* **What needs to be done**
Write exactly, with no line omitted or added, the span beginning at the line that holds "Some of the words" and ending at the last line of the records.

* **Spatial localization data**
○ ○ ○ ○ ○
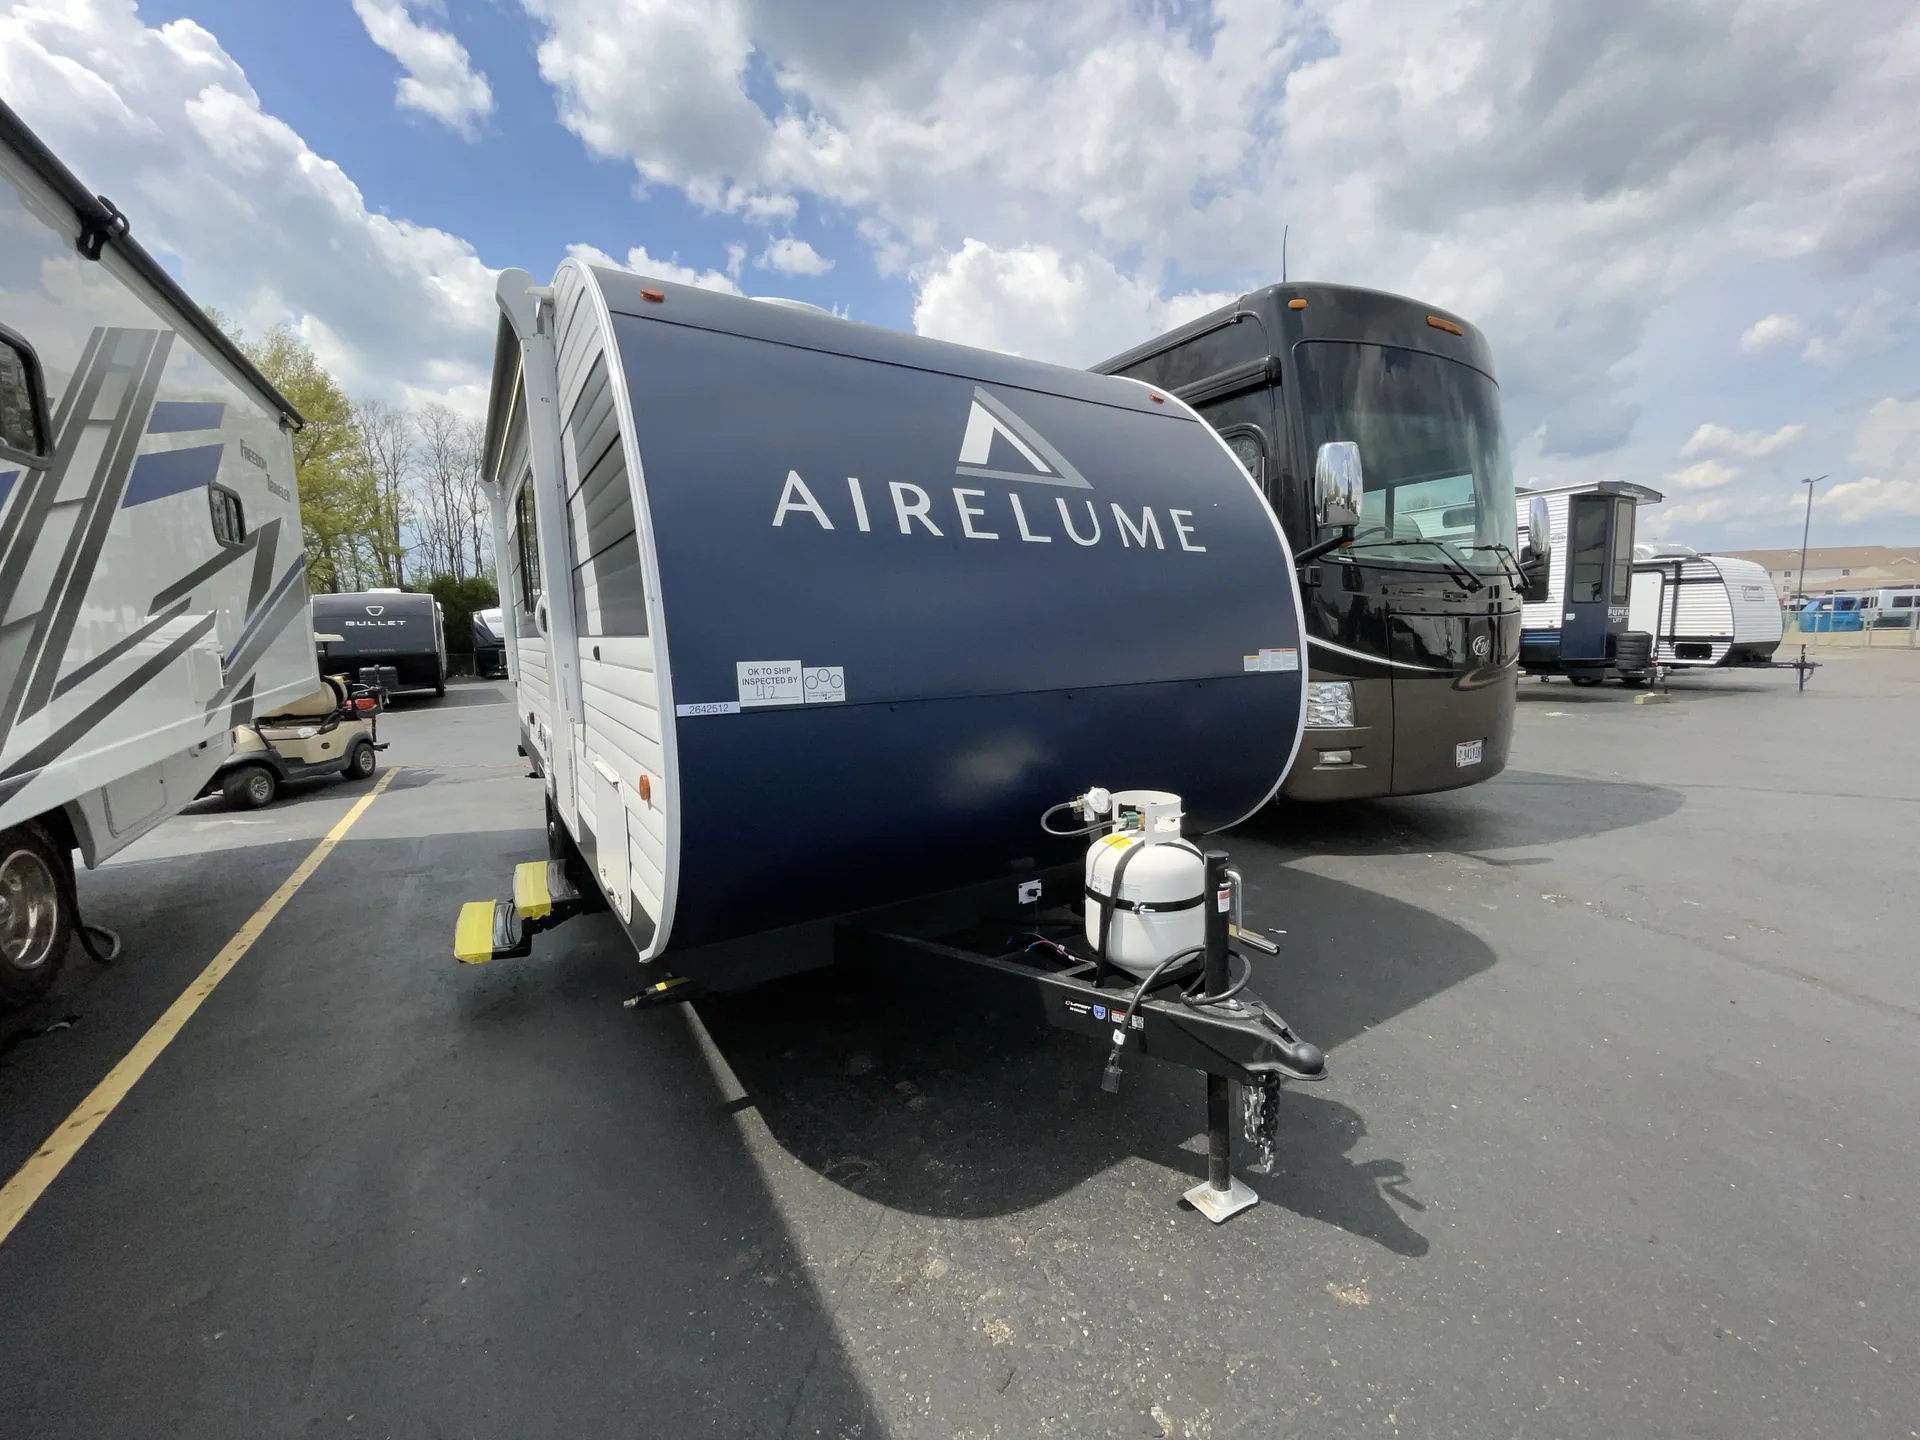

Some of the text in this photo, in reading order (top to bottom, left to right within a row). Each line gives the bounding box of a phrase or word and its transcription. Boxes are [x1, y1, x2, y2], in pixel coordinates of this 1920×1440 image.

[772, 470, 1207, 552] AIRELUME
[747, 666, 791, 676] OK TO SHIP
[742, 676, 798, 686] INSPECTED BY
[689, 703, 729, 714] 2642512
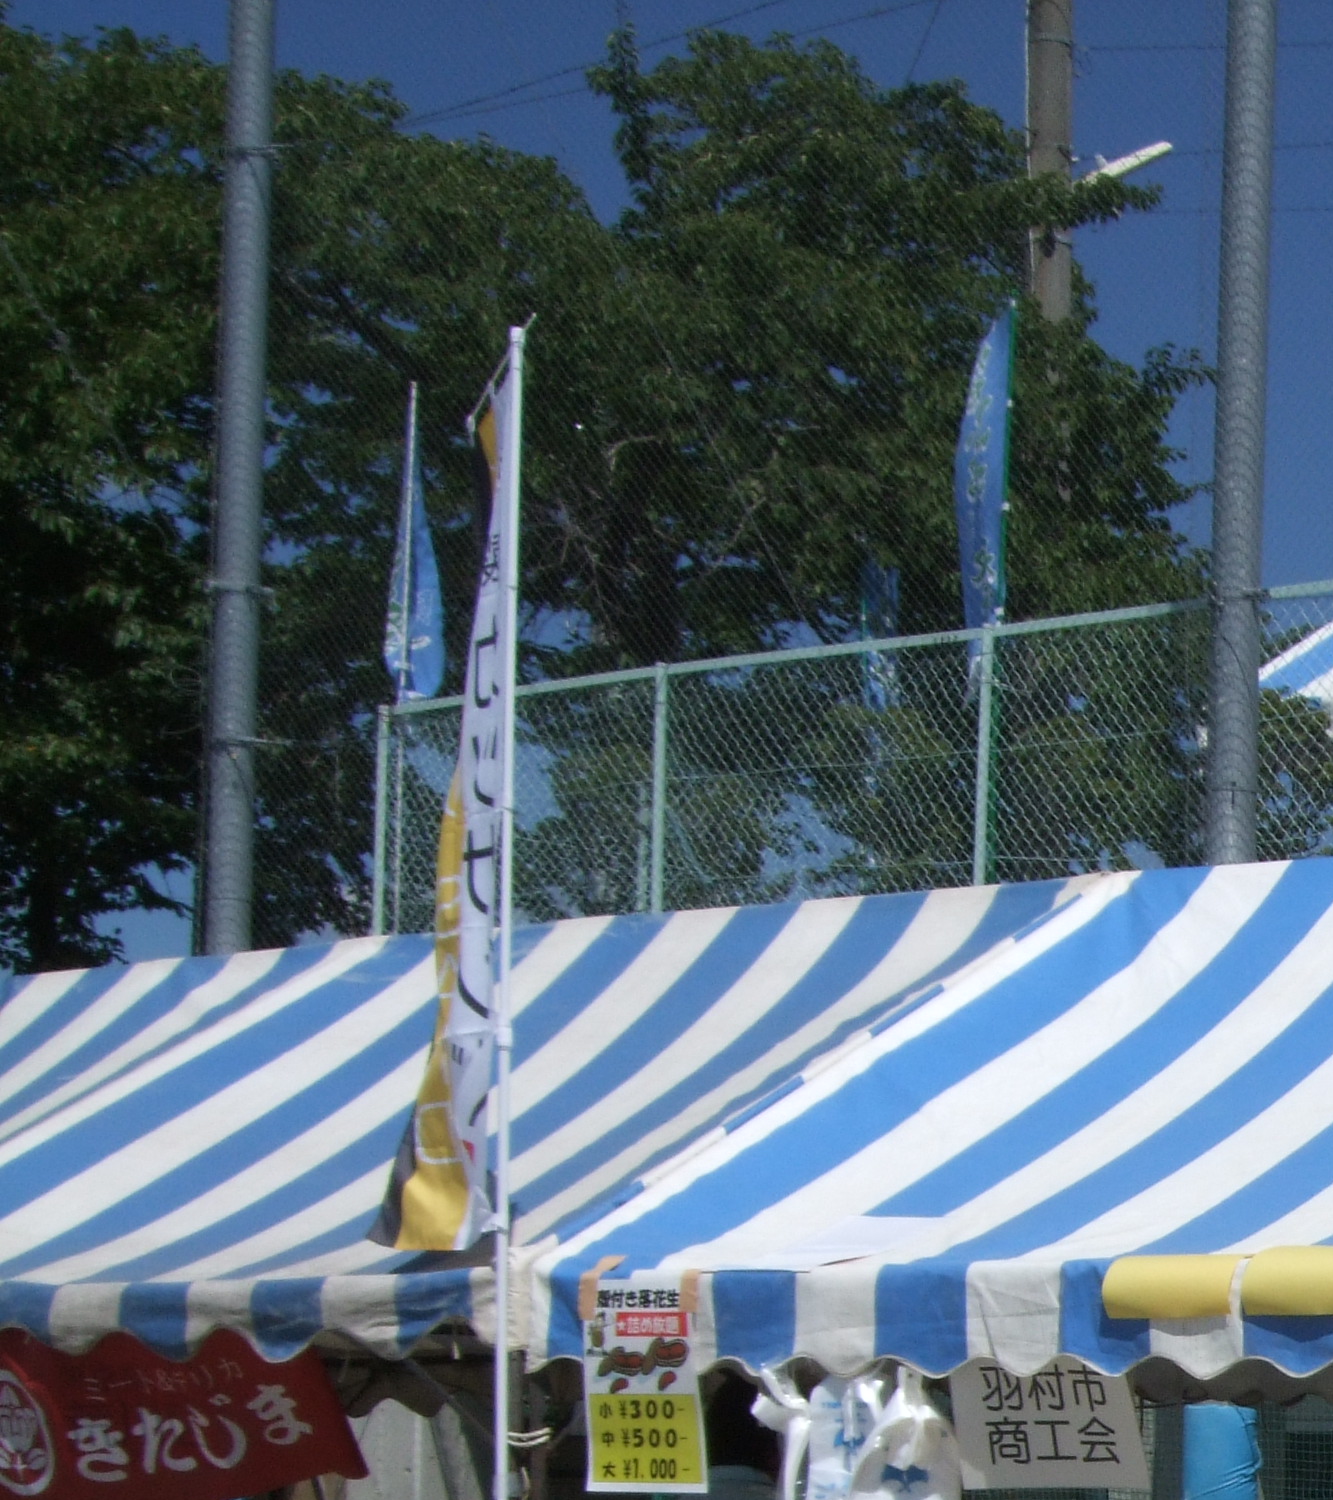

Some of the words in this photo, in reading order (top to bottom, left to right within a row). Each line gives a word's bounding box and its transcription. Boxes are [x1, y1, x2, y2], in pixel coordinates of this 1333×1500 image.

[979, 1364, 1106, 1412] 羽村市
[68, 1384, 313, 1483] きたじま
[985, 1416, 1121, 1465] 商工会
○ ○ ○ ○ ○
* **Result of the exercise**
Some of the words in this photo, in reading order (top to bottom, left to right within a row). Each line gives a word's bounding box and its transcription. Boxes are [x1, y1, x2, y2], in pixel coordinates of this 1333×1500 image.

[979, 1364, 1106, 1412] 羽村市
[68, 1384, 313, 1483] きたじま
[985, 1416, 1121, 1465] 商工会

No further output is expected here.